I arrived at Burbank’s Bob Hope Airport disappointed to be leaving the sunny weather, adorable labradoodle, good food, and better company behind. After a forlorn and objectionable goodbye with my Father, I walked into the airport with a fresh breath of air. My grief toward my imminent departure was mended by the knowledge that I’d get to use my brand new iPhone 4 to board the airplane.
Finally, I had achieved my dream: landing a spot in the elite and overwhelmingly present “cool club” – for Smartphone users only. For years, I trekked back and forth to the printer from the computer, attempting desperately and repetitively to print my boarding passes. Printer jams, lack of ink, and the crushing guilt of slaying entire colonies of trees over the years were all concerns that I could now put to rest, with the simple click of a button.
Walking up to the security checkpoint, the officer cheerfully guesses my name. “Good afternoon Miss…..Tiffany?” “Tiffany! Like Breakfast at Tiffany’s,” I think, reminding me that I had forgotten the four California post cards I had just purchased in the car. Frustrated, but still polite, I say “Close! But it’s Sienna.” He chuckles. With immense pride in my eyes and satisfaction in my hand gesture, I give him my phone. “Oh, actually, we are told not to accept electronic tickets.” My heart drops. I am speechless. “Wait…really?” “Yeah, sorry ma’am,” he said with a chuckle, sensing my disappointment, “but if you go print it right over there, I’ll let you cut the line when you come back.” I could have cried. But instead, I smiled and walked away, making sure to take my apparently useless phone with me.
I get in line to have my ticket printed. Finally reaching the front, the happy go lucky and unfortunately unpleasant looking attendant asks if I am a first class member. “No.” “Oh, okay, well then you can go wait in that line and use the computer to print your ticket.” “Go stuff your face in a birthday cake,” I wanted to tell her. So I waited in line yet again and eventually came to terms with the fact that my tree murdering days would not yet, in fact, retire.
Ready to skip the line and get through security, I realize that the charming young man who laughed at my misery but also gave me his word, was nowhere to be found. Instead, a homely, pimply woman sat at the desk. So again, I waited, almost expecting her to say, “Oh, we don’t take paper tickets anymore, just solid gold ones.” She did not. So I strolled past her and onto the security line.
Per the rules, I proceeded to remove my trusty boots that had walked me all over Boston, New York, and Los Angeles for a good six months. My grandmother had been pestering me to buy new ones for a while, as she decided I looked trashy and she couldn’t stand to see me in such wretched things.
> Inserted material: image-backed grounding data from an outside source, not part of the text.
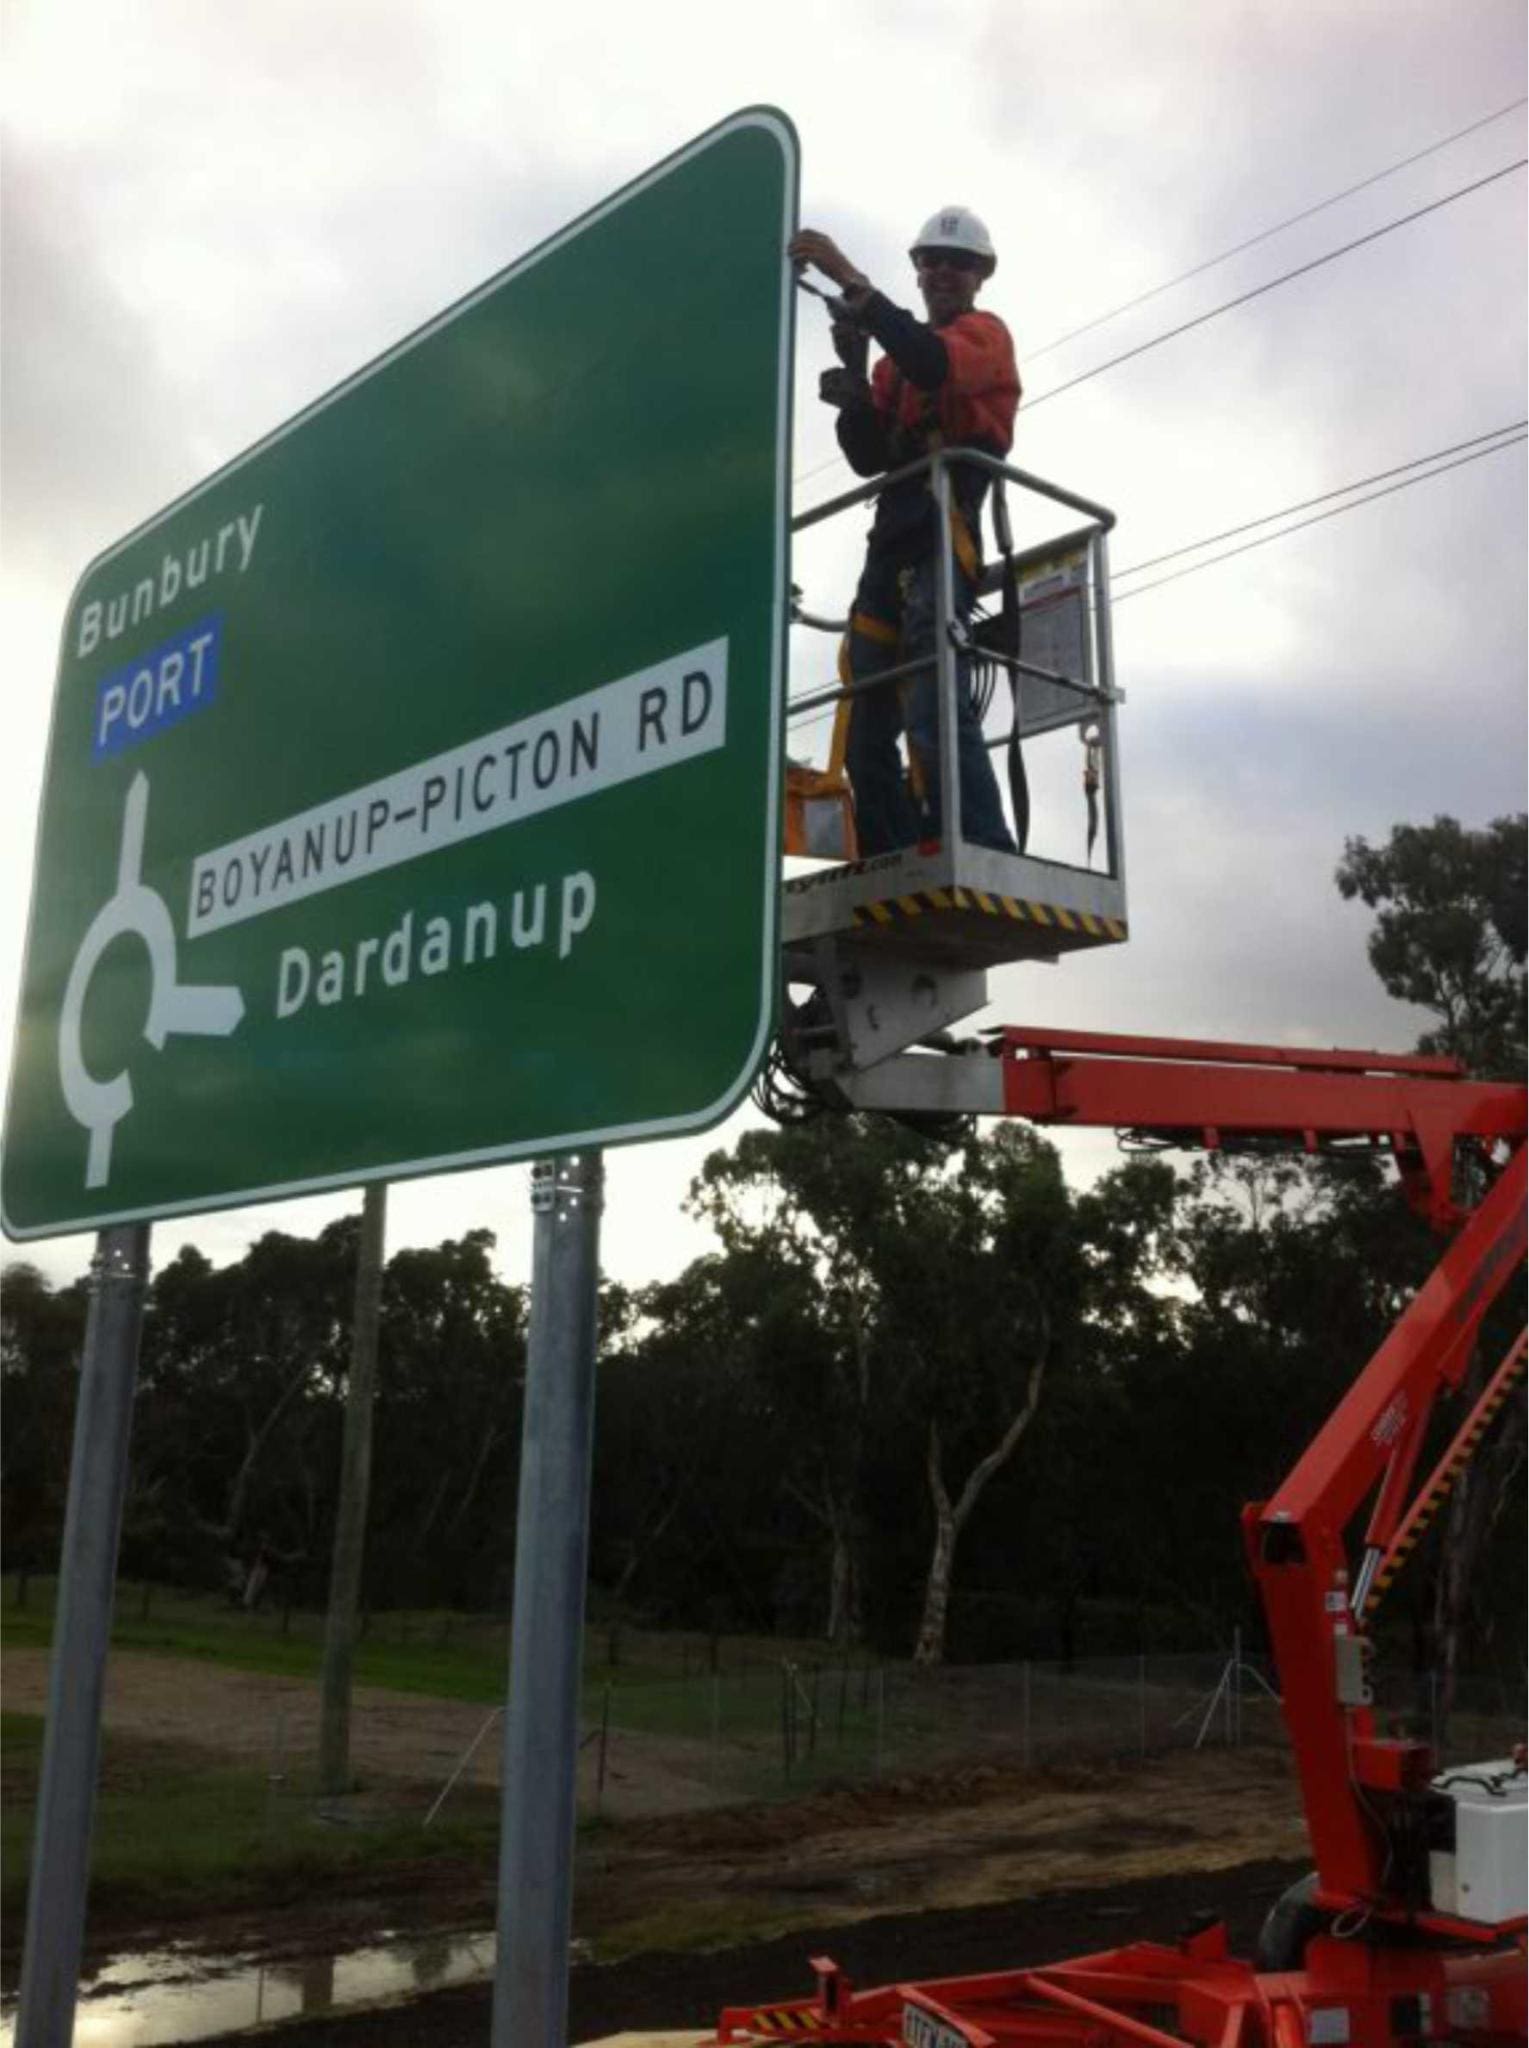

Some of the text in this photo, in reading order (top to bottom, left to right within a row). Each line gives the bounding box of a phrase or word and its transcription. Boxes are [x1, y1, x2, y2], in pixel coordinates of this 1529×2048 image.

[76, 505, 263, 658] Bunbury
[100, 634, 214, 744] PORT
[196, 670, 713, 919] BOYANUP-PICTON RD
[276, 869, 597, 1018] Dardanup
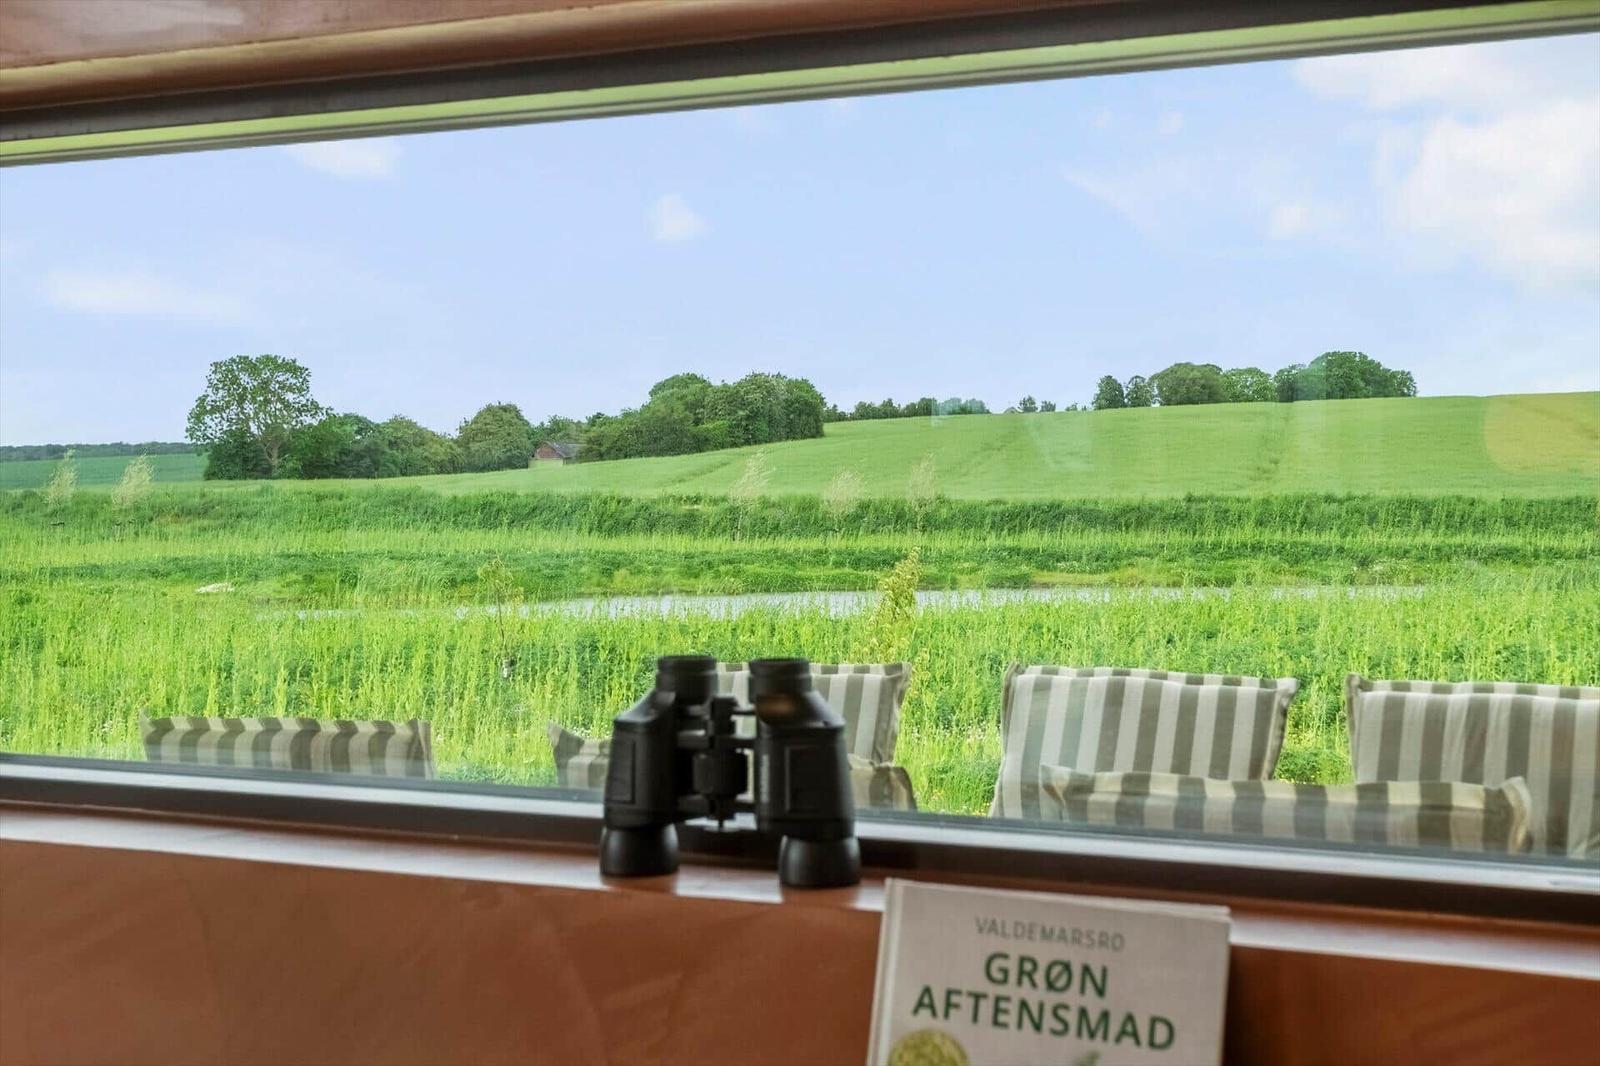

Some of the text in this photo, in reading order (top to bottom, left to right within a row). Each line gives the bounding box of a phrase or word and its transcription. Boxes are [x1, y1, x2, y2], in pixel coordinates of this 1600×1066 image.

But I declined her offer on the principle boot season is almost over and it would be foolish to waste money on something I’d wear for only a month. New styles would be in fashion next fall, and I’d just want another pair then. So I decided that my loyal shoes could last until I needed them no longer. Well, I unzipped the left one, careful of the area where the seam had come loose, only to break the zipper, incapacitating it for all of eternity. Walking through the metal detector, I expected to find the airport official rifling through my bags in search of some illegal object that a terrorist had slipped into my bag unbeknownst to me. Instead, the conveyer belt just spit out my broken boot and unwieldy bags. Tying the lace around the top of the zipper, I momentarily mended the dilemma, while simultaneously redefining the term “shabby chic.”
So I sit down at my terminal 20 minutes before boarding time, severely flustered and disappointed. Looking around, my only neighbor is a senile woman carrying a paisley briefcase and a plastic bag with cat food inside of it. Clearly, something was askew. So I ask the flight attendant, who tells me that the terminal has been changed. Up I get, dragging my lame shoe’d foot along behind me to the other terminal. Finally, a place to rest. Now is the time when I would have written the postcards, but clearly that was no longer an option. So for twenty minutes, I texted on my iPhone – a capability that my plain old 2008 cell phone successfully fulfilled. When they called Boarding Group 4, I morosely put my iPhone away, withdrew my paper ticket, and handed it to the real Tiff’nay, who directed me onto the aircraft. Dallas, here I come!